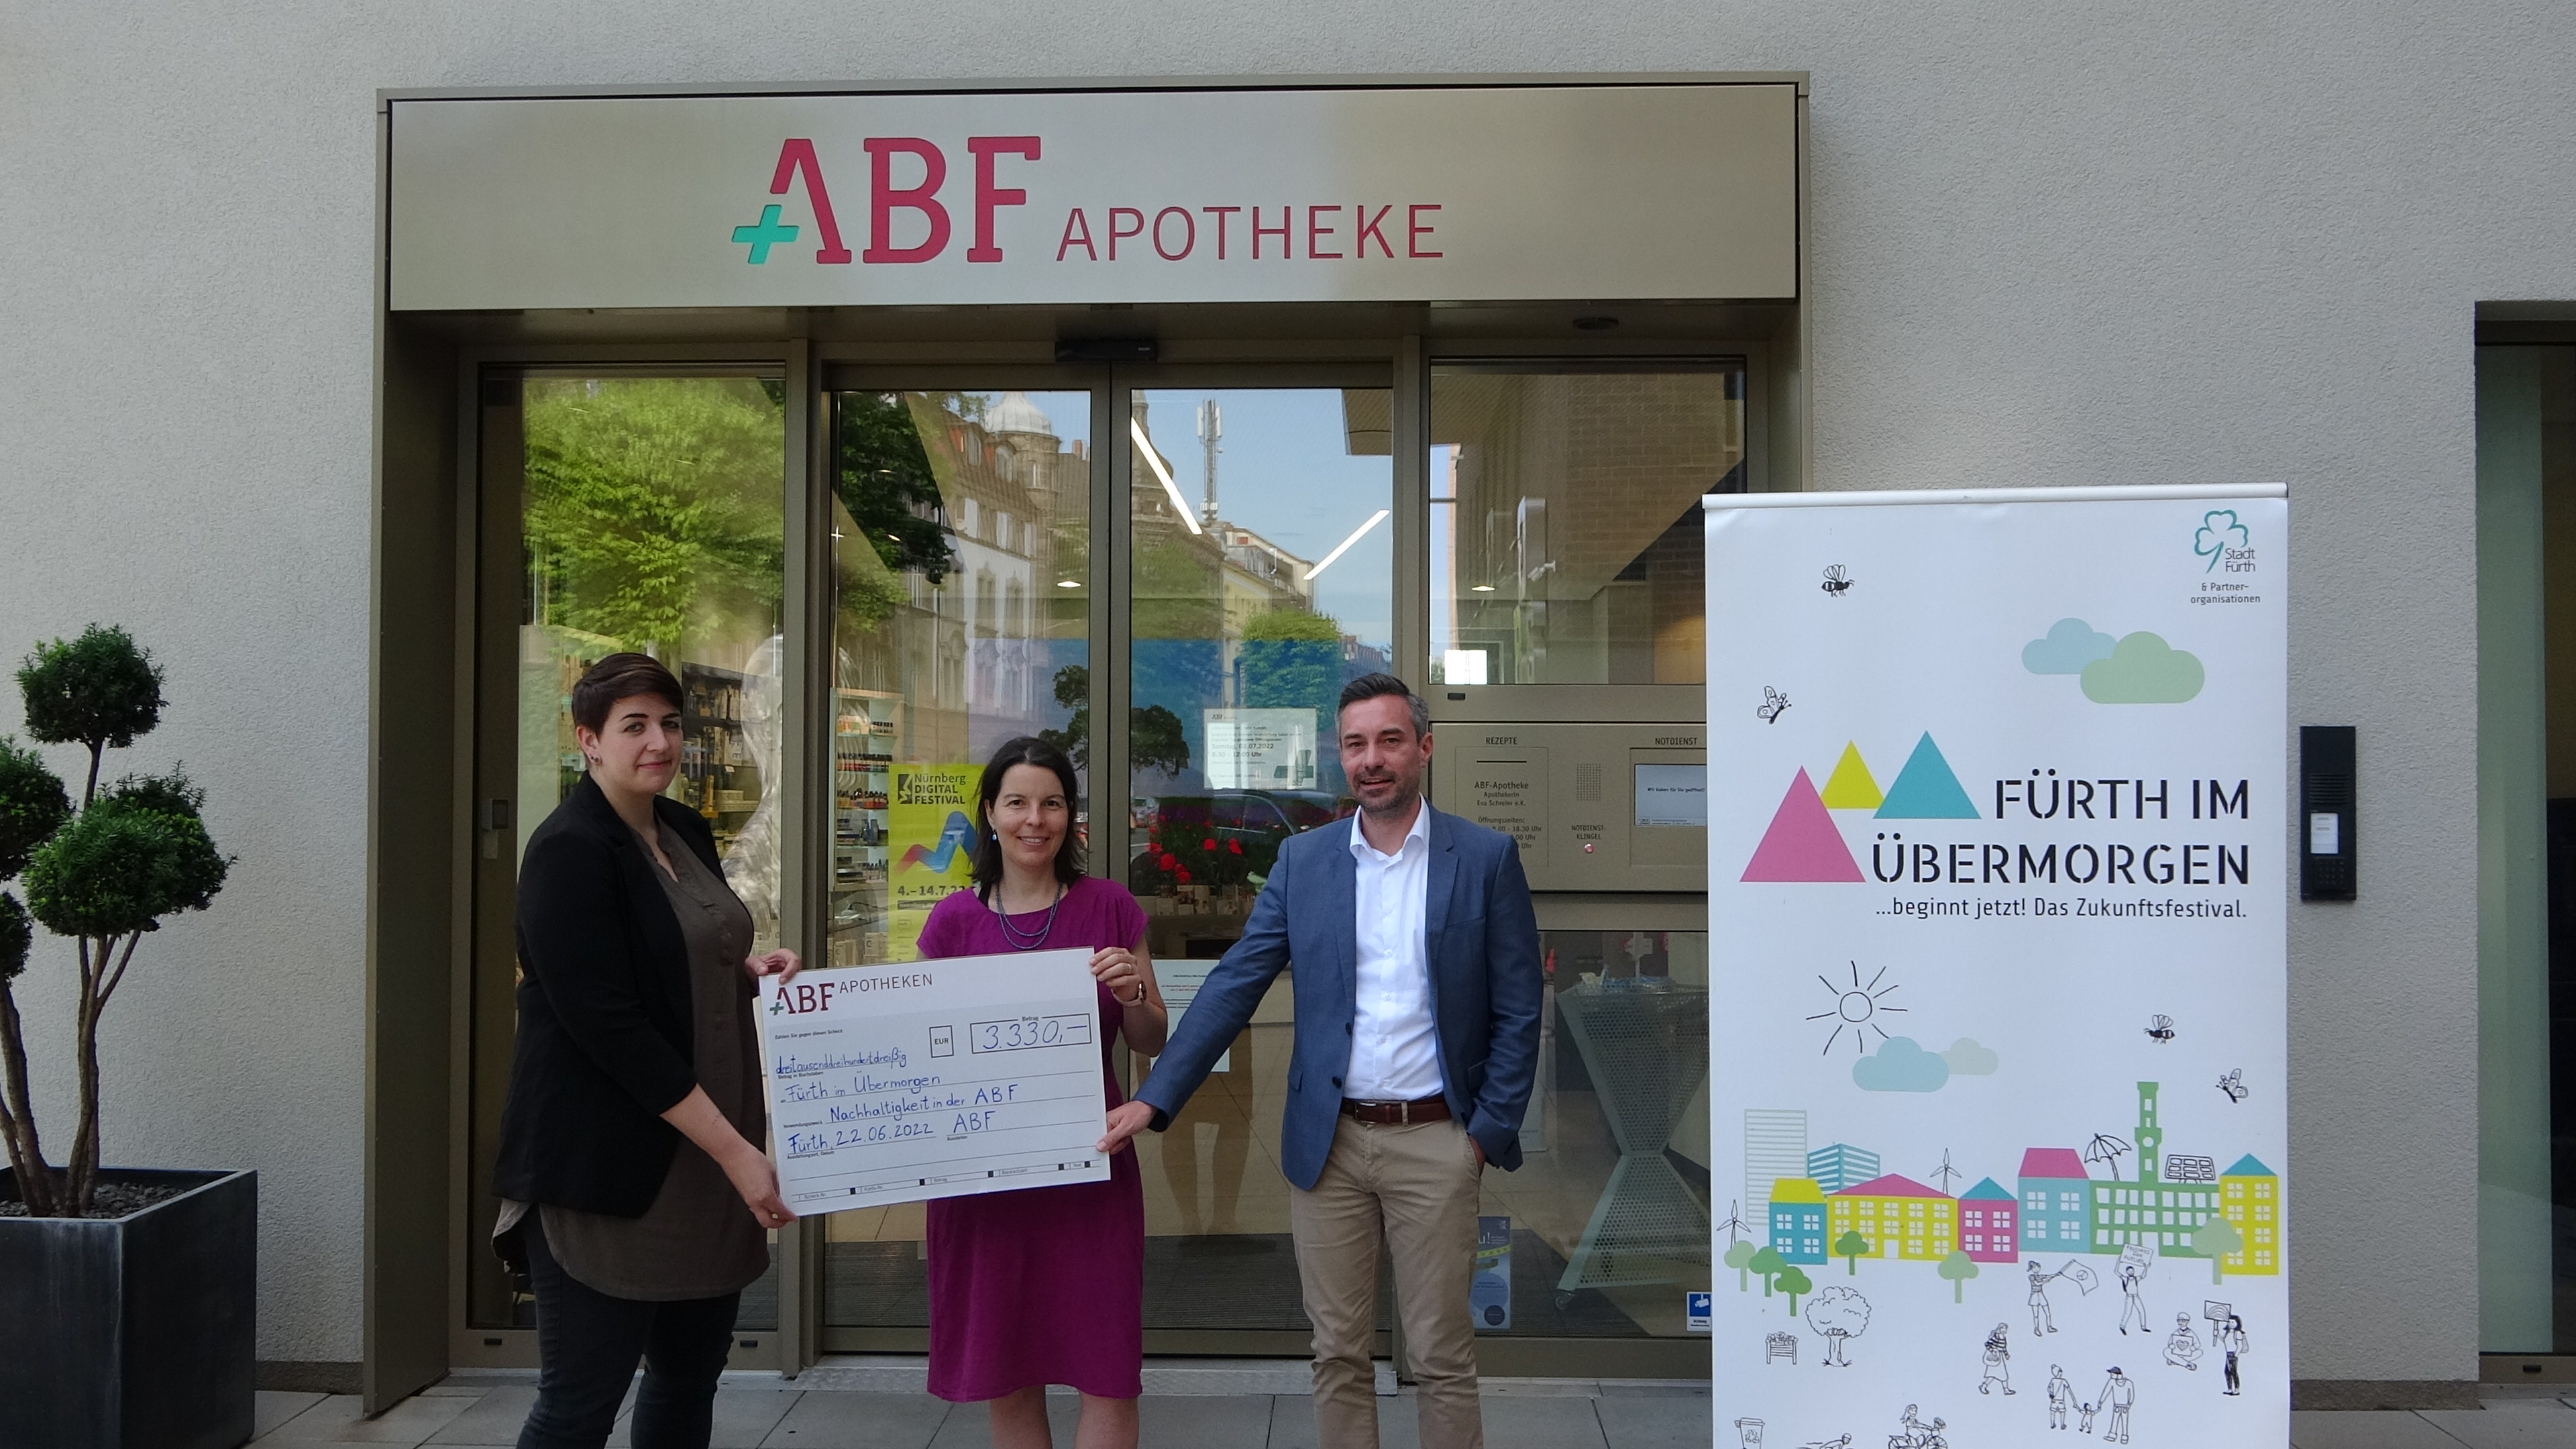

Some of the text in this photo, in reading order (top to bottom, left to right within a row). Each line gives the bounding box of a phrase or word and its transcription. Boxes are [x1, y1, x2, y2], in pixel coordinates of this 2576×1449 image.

[768, 136, 1444, 264] ABF APOTHEKE
[2225, 547, 2255, 559] Stadt
[2225, 561, 2255, 572] Fürth
[2201, 582, 2249, 591] & Partner-
[2190, 594, 2261, 605] organisationen
[1655, 737, 1697, 745] NOTDIENST
[914, 773, 966, 786] Nürnberg
[1474, 782, 1529, 790] ABF-Apotheke
[914, 785, 958, 794] DIGITAL
[1995, 768, 2250, 820] FÜRTH IM
[914, 796, 966, 804] FESTIVAL
[1478, 816, 1525, 824] Öffnungszeiten:
[1872, 833, 2250, 885] ÜBERMORGEN
[1876, 897, 2247, 920] ...beginnt jetzt! Das Zukunftsfestival.
[777, 973, 932, 1014] ABF APOTHEKEN
[785, 1071, 941, 1102] Fürth im Übermorgen
[830, 1083, 1018, 1123] Nachhaltigkeit in der ABF
[953, 1110, 996, 1134] ABF
[836, 1123, 934, 1146] 22.06.2022

- - - - -

● **Instructions to follow**:
Output each entry exactly. Skip the pictures.

● **Answer for this exercise**:
Some of the text in this photo, in reading order (top to bottom, left to right within a row). Each line gives the bounding box of a phrase or word and its transcription. Boxes are [x1, y1, x2, y2], in pixel coordinates of this 2576×1449 image.

[768, 136, 1444, 264] ABF APOTHEKE
[2225, 547, 2255, 559] Stadt
[2225, 561, 2255, 572] Fürth
[2201, 582, 2249, 591] & Partner-
[2190, 594, 2261, 605] organisationen
[1655, 737, 1697, 745] NOTDIENST
[914, 773, 966, 786] Nürnberg
[1474, 782, 1529, 790] ABF-Apotheke
[914, 785, 958, 794] DIGITAL
[1995, 768, 2250, 820] FÜRTH IM
[914, 796, 966, 804] FESTIVAL
[1478, 816, 1525, 824] Öffnungszeiten:
[1872, 833, 2250, 885] ÜBERMORGEN
[1876, 897, 2247, 920] ...beginnt jetzt! Das Zukunftsfestival.
[777, 973, 932, 1014] ABF APOTHEKEN
[785, 1071, 941, 1102] Fürth im Übermorgen
[830, 1083, 1018, 1123] Nachhaltigkeit in der ABF
[953, 1110, 996, 1134] ABF
[836, 1123, 934, 1146] 22.06.2022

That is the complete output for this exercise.